Work item:
Each entry below is to be restated word for word, with no pictures carried over.

Records to process:
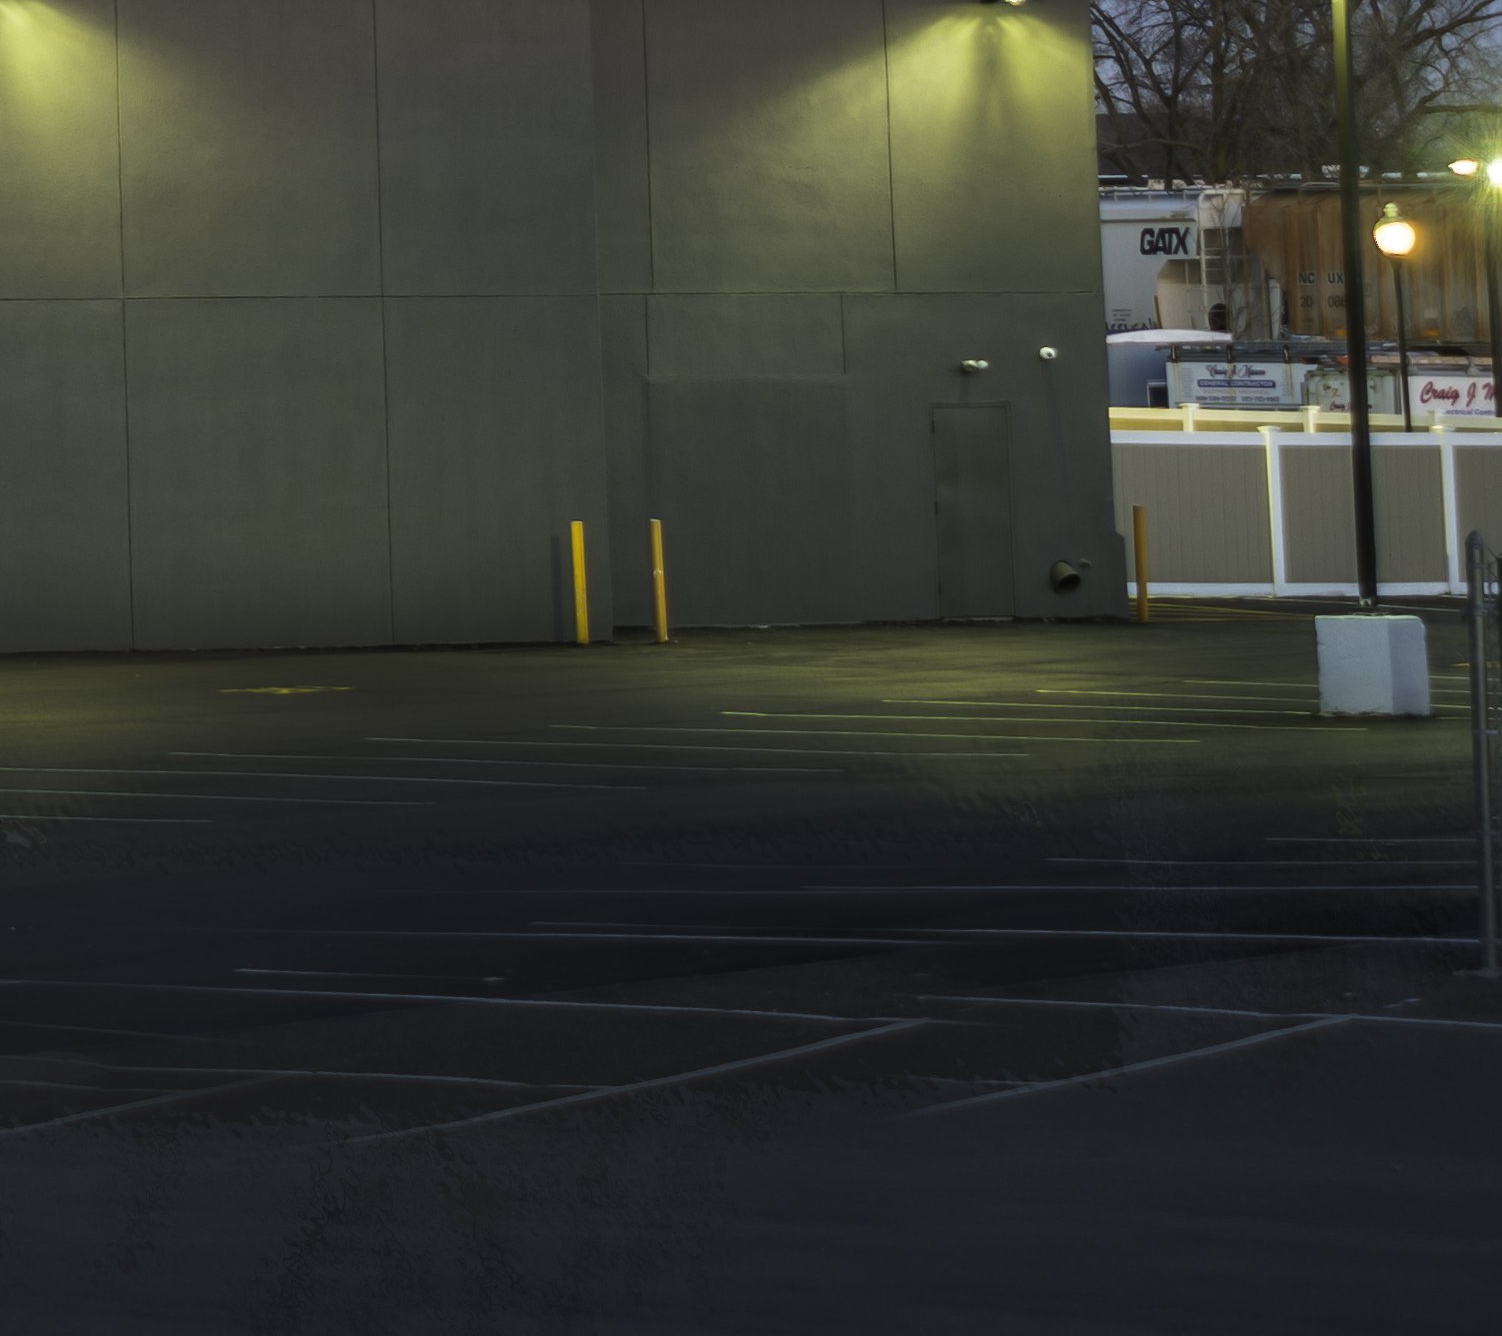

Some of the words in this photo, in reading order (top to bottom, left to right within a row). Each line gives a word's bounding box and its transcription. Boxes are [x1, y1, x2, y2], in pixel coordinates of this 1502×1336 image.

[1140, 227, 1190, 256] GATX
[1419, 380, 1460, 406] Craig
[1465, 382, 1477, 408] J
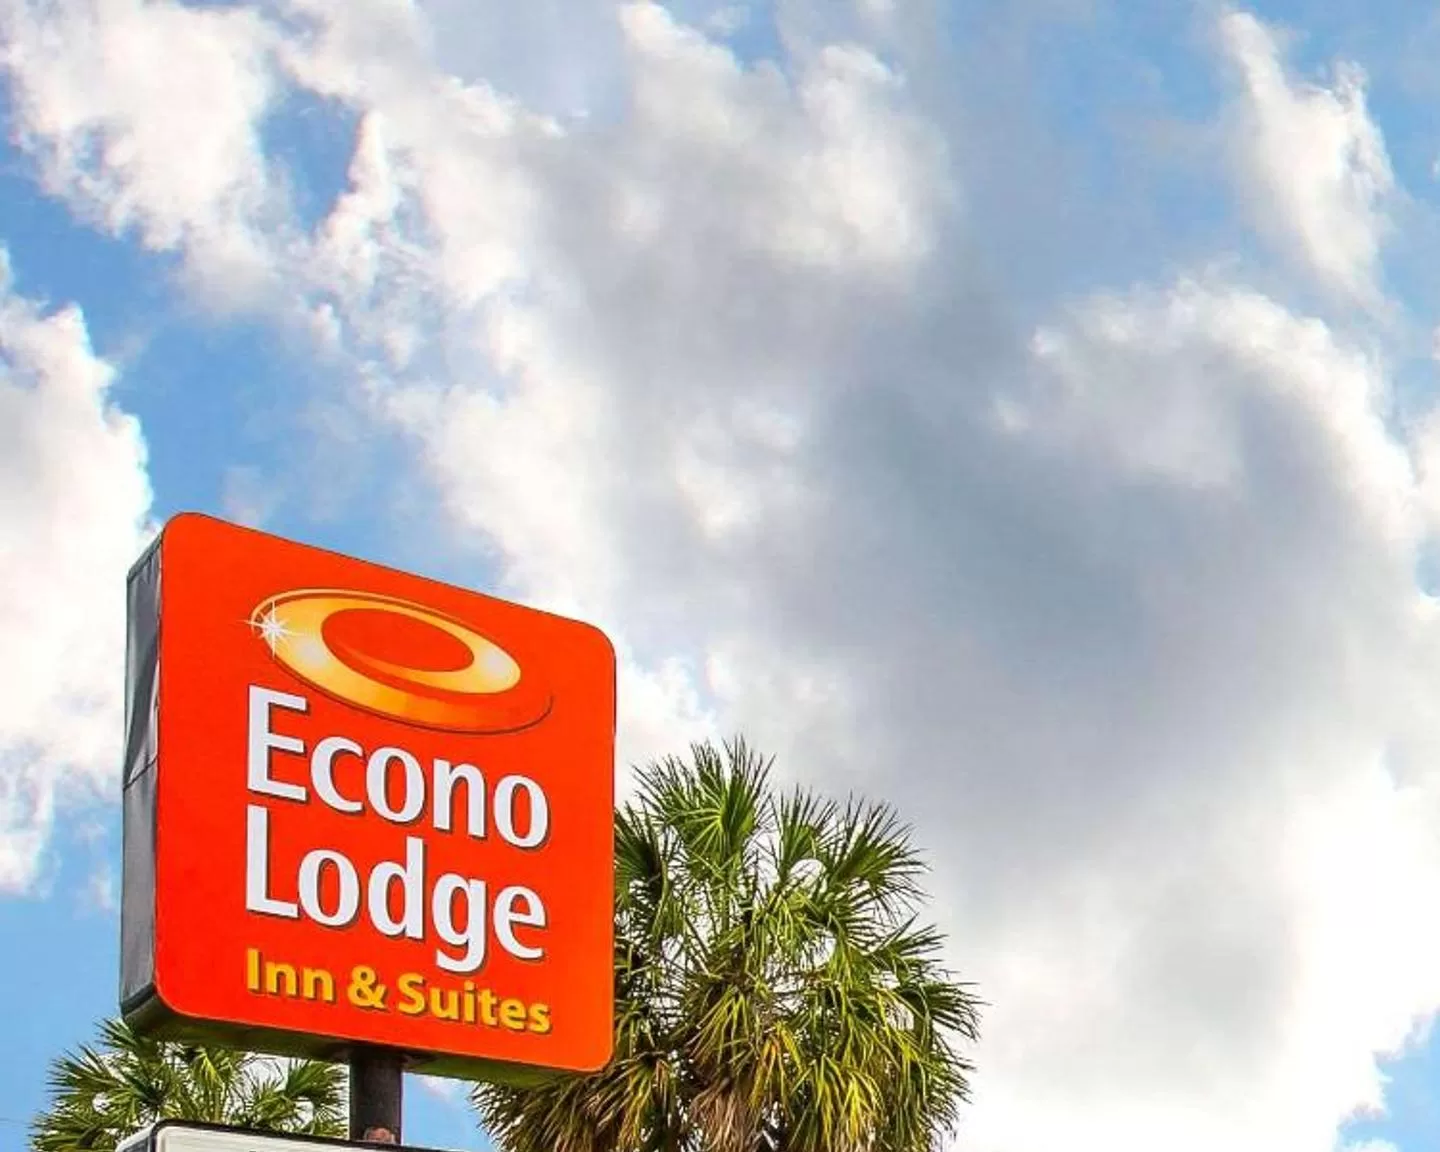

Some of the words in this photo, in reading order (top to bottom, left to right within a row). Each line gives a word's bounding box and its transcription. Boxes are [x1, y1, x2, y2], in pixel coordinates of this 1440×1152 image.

Answer:
Some of the words in this photo, in reading order (top to bottom, left to right within a row). Each line gives a word's bounding box and its transcription. Boxes are [x1, y1, x2, y2], in pixel coordinates of this 1502×1336 image.

[1140, 227, 1190, 256] GATX
[1419, 380, 1460, 406] Craig
[1465, 382, 1477, 408] J

Some of the words in this photo, in reading order (top to bottom, left to right within a row). Each line gives a word's bounding box and its transcription. Boxes are [x1, y1, x2, y2], in pixel coordinates of this 1440×1152 image.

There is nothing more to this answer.